Cierto es, como igualmente preocupante, que nunca han disimulado estar animados por el injustificado propósito de que en la memoria de los samarios y magdalenenses se estanque para siempre una profunda herida que, según mi particular criterio debería ser curada de inmediato para no seguir profundizando aún más la división entre los samarios y los magdalenenses.

Ante los múltiples aspirantes y veteranos de las elecciones a los Concejos y la Alcaldía Distrital de Santa Marta y de los Municipios del Magdalena, como igualmente a la gobernación del Magdalena se deben congregar para siempre en el corazón de cada uno de los triunfadores en las elecciones, buscar el encuentro de todos los samarios y de todos los magdalenenses.

Es de suponer que con un amplio y franco criterio o razonamiento, gane quien gane, se debe llamar a la mediación, reconciliación y a la prosperidad definitiva, de manera que se encarrile a nuestra Santa Marta y al Magdalena por las sendas del progreso y a la vanguardia de la equidad social. Durante los nuevos encuentros debemos referirnos con especial énfasis contra quienes equivocadamente se pasan el tiempo maldiciendo el pasado sin pretender sacarle ventajas al presente y al futuro.

Sin embargo, el odio es en verdad un mal consejero. Obnubila la mente y la conciencia, y provoca ceguera.
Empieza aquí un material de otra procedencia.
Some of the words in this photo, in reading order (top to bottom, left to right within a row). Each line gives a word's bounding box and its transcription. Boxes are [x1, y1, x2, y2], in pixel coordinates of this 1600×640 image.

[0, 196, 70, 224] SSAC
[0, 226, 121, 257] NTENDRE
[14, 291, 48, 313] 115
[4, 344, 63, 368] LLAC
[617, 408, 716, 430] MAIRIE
No impide a ninguno de los derrotados tomar nota de que la mayoría silenciosa de los samarios y magdalenenses aspiran sanamente a dejar el pasado y poder comenzar a poner su vista en el futuro, y elegir nuevos Concejales, nuevos Alcaldes, nuevos Diputados y un nuevo Gobernador. No hay peor sordo que el que no quiere oír.
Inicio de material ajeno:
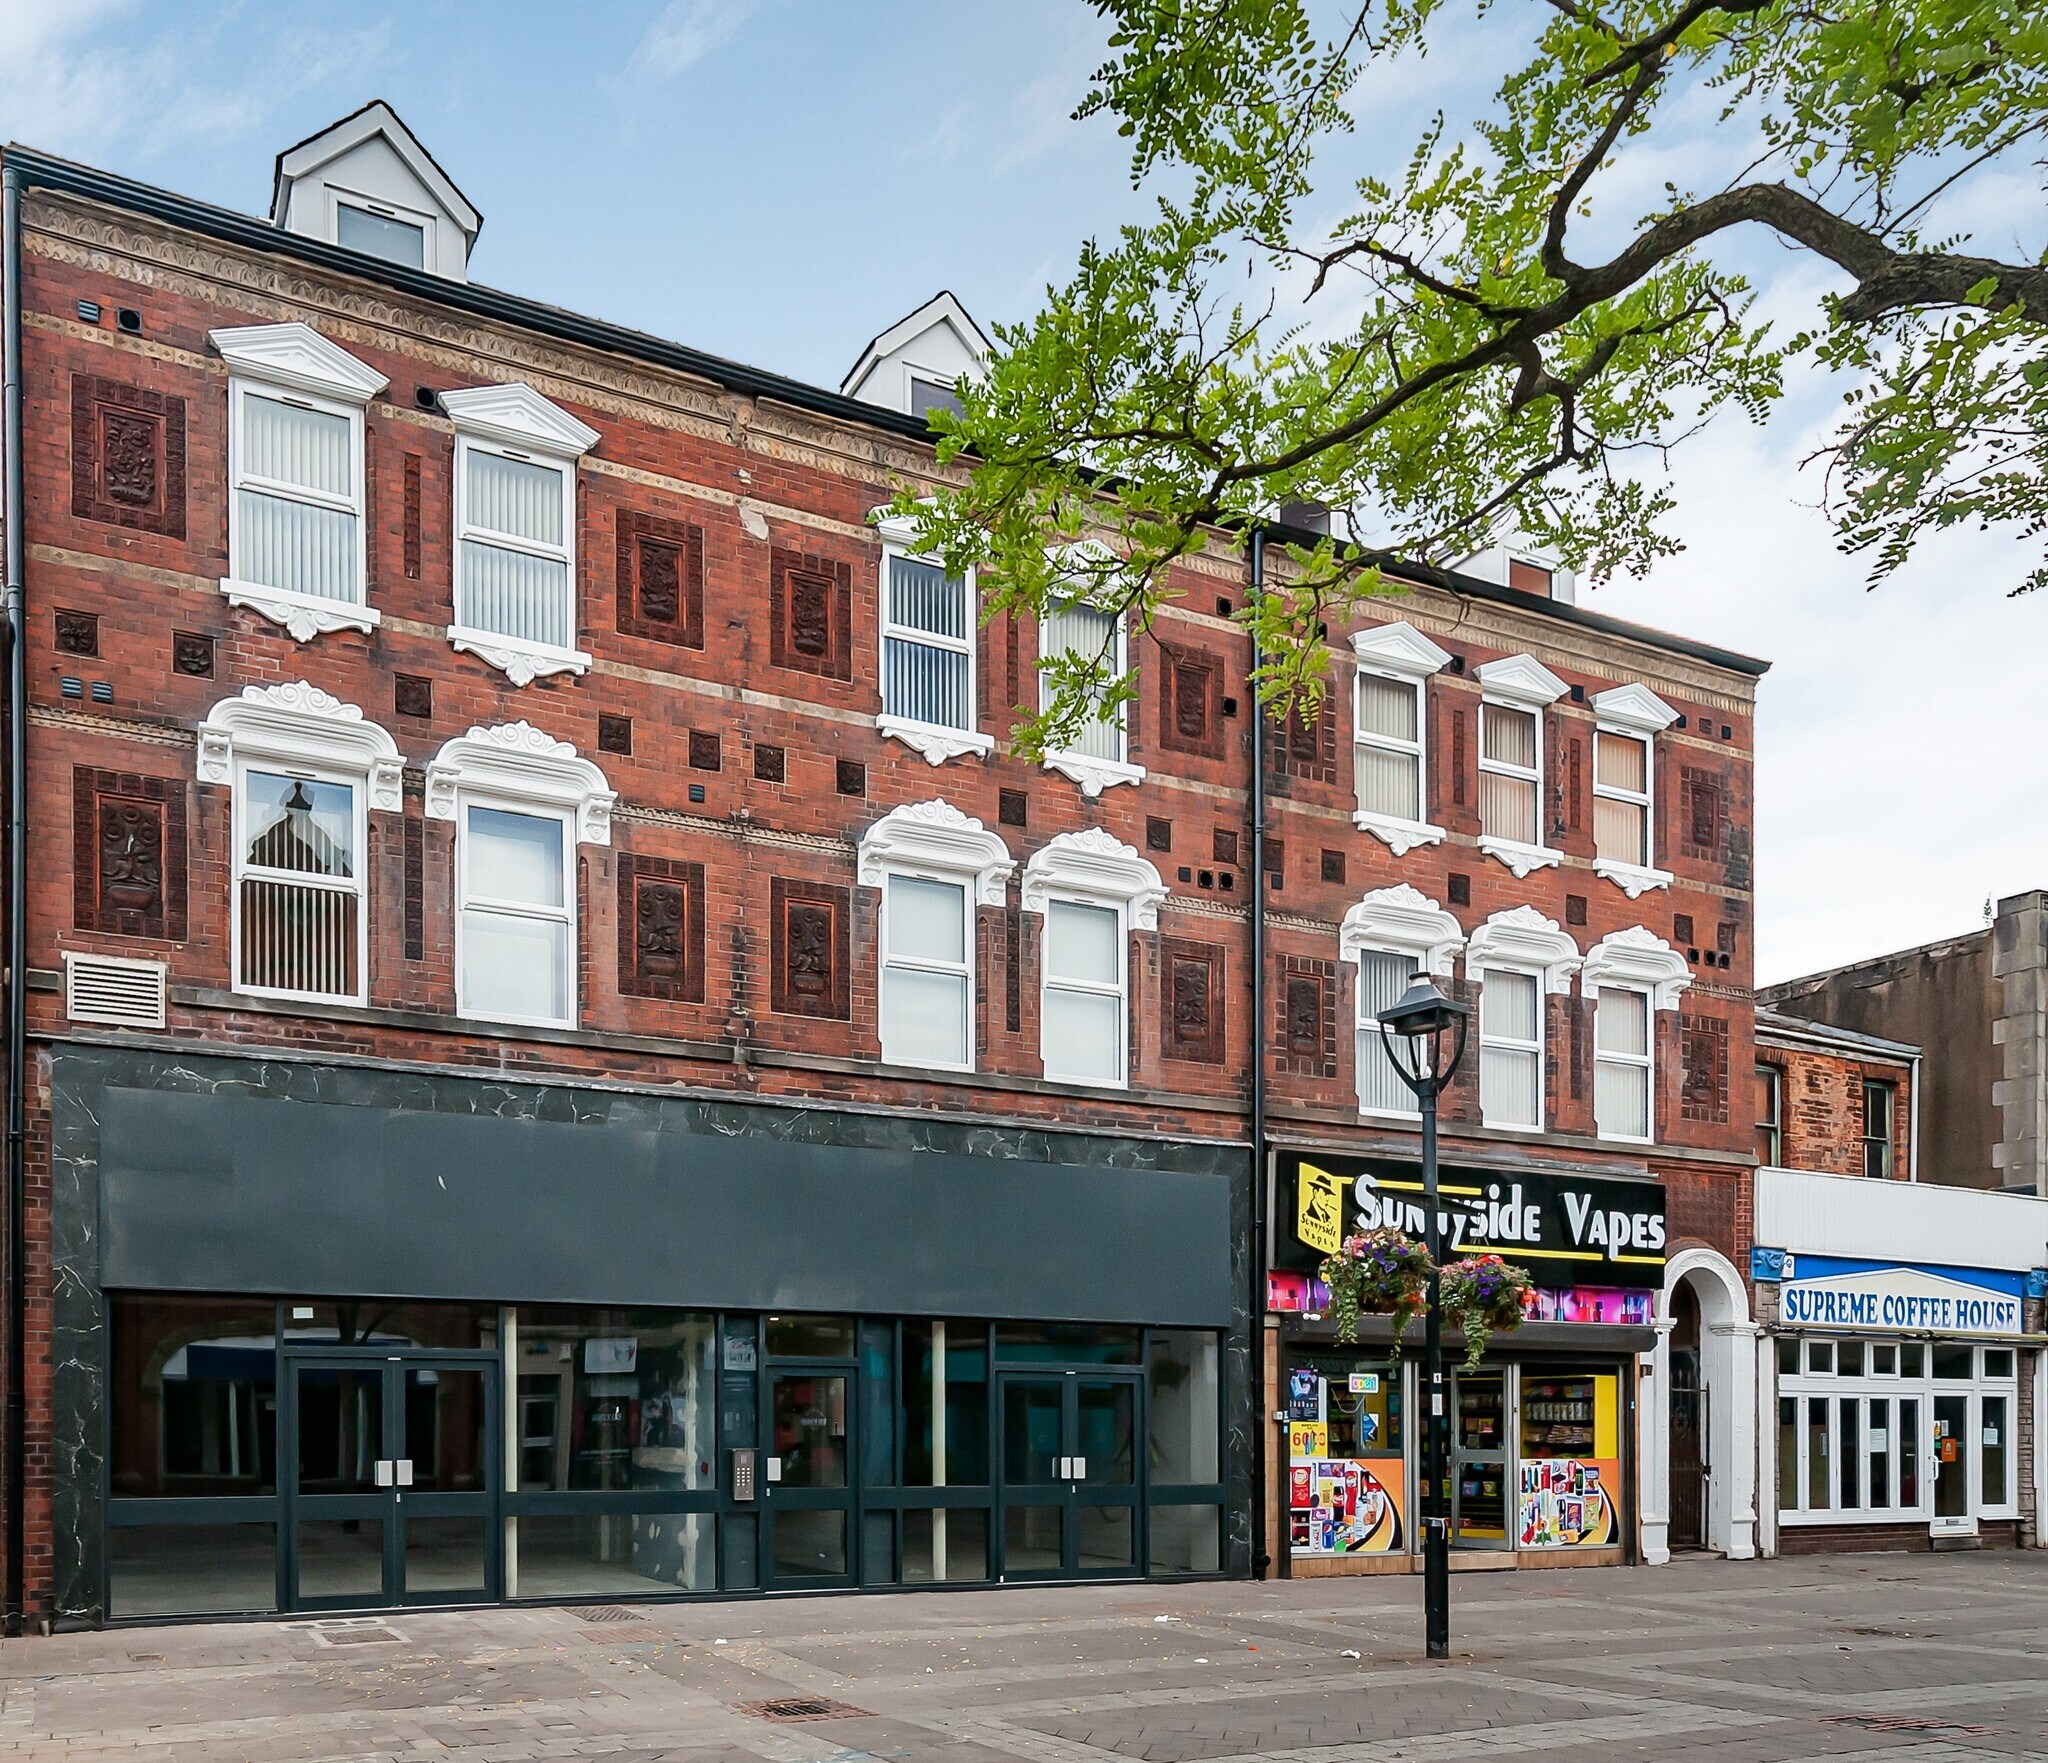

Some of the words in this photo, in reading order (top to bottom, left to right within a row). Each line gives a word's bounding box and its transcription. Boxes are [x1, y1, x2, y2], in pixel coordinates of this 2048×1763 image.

[1786, 1288, 1878, 1324] SUPREME
[1883, 1295, 1951, 1328] COFFEE
[1956, 1299, 2016, 1330] HOUSE
[1293, 1432, 1326, 1447] 600
En Santa Marta aunque la tradicional mayoría silenciosa de ayer no se pronunciara en alta votación, hoy sus sentimientos no caerán en el vacío, porque se elegirá al nuevo alcalde de todos los samarios, además, así lo quiere la ciudad.

Mientras esa obstinada prédica de triunfadores amigos de los próximos nuevos legisladores y gobernantes elegidos, aun muchos se empeñan en dividir a los samarios y magdalenenses a puro filo de odio y rencor, sin criterio, ni ideología alguna, otros más abiertos e inteligentes han empezado justamente a restañar las asimetrías injuriosas y agraviantes de los frescos recuerdos hirientes y están desde ya, dedicados a reconstruir y poder restablecer el concepto de unidad, de conciliación e integración que requieren urgentemente los ciudadanos de Santa Marta y el Departamento del Magdalena, aspecto que no es otro que el de lograr la amistad y la fraterna solidaridad entre nuestros habitantes.

Sería altamente conveniente para la ciudad de Santa Marta y para el Departamento del Magdalena que todos, sin excepción, coincidiésemos en que el odio enarbolado cual estandarte político desmerece la razón y sólo engendra más y más odio.